--- Material supplied ---
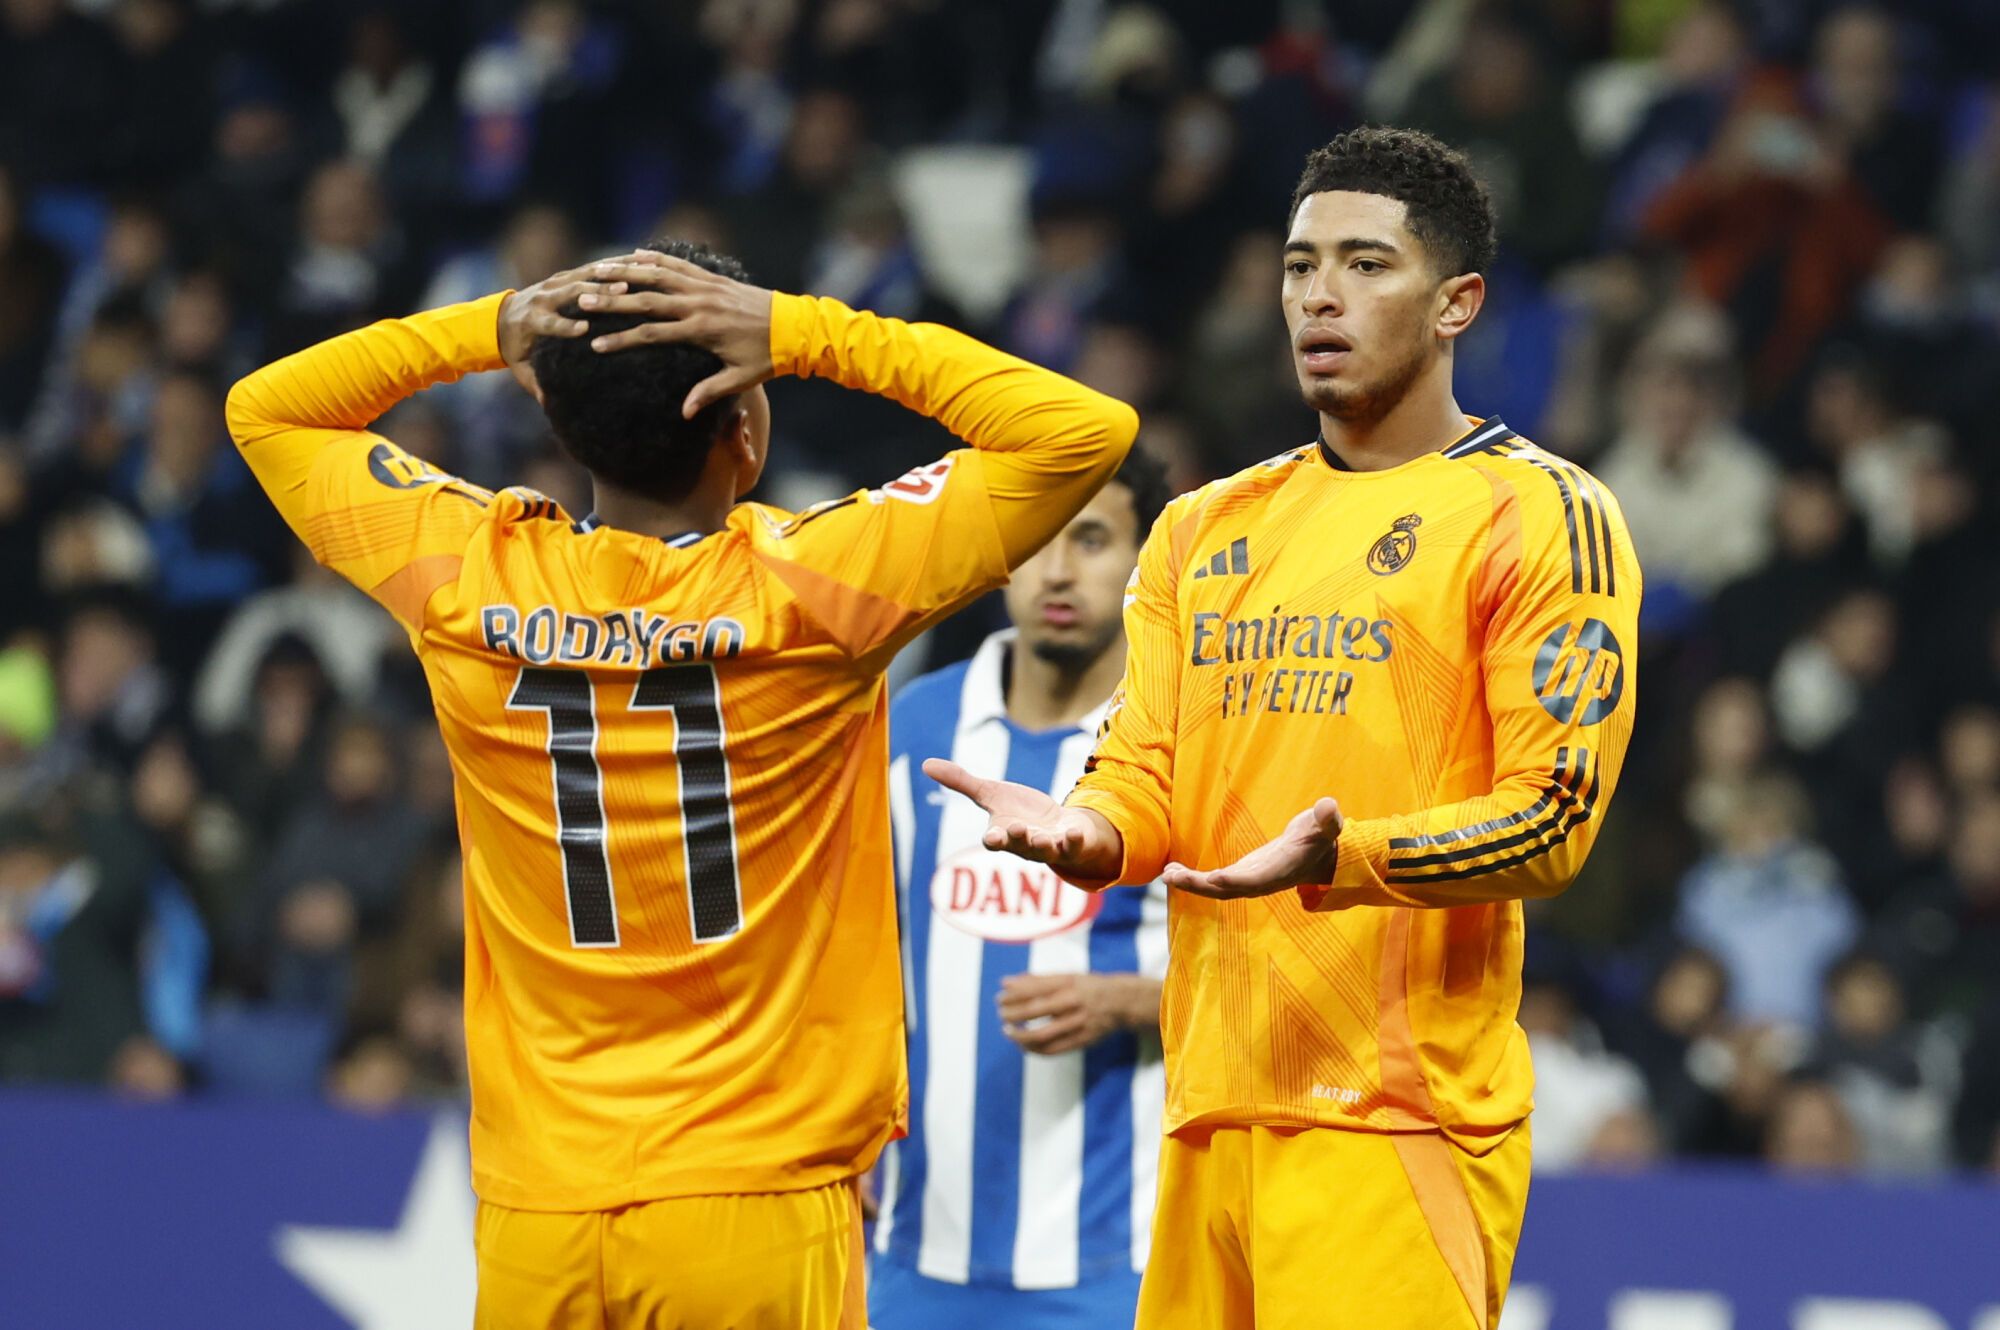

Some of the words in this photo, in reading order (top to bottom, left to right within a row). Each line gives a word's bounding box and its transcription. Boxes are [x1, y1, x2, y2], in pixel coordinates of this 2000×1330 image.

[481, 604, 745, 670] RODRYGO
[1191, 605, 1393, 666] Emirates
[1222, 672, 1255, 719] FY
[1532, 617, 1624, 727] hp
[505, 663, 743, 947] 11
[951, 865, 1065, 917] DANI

--- Instructions to follow ---
Please reproduce all the material exactly. Pictures stay out of the copy.

--- Answer box ---
Some of the words in this photo, in reading order (top to bottom, left to right within a row). Each line gives a word's bounding box and its transcription. Boxes are [x1, y1, x2, y2], in pixel coordinates of this 2000×1330 image.

[481, 604, 745, 670] RODRYGO
[1191, 605, 1393, 666] Emirates
[1222, 672, 1255, 719] FY
[1532, 617, 1624, 727] hp
[505, 663, 743, 947] 11
[951, 865, 1065, 917] DANI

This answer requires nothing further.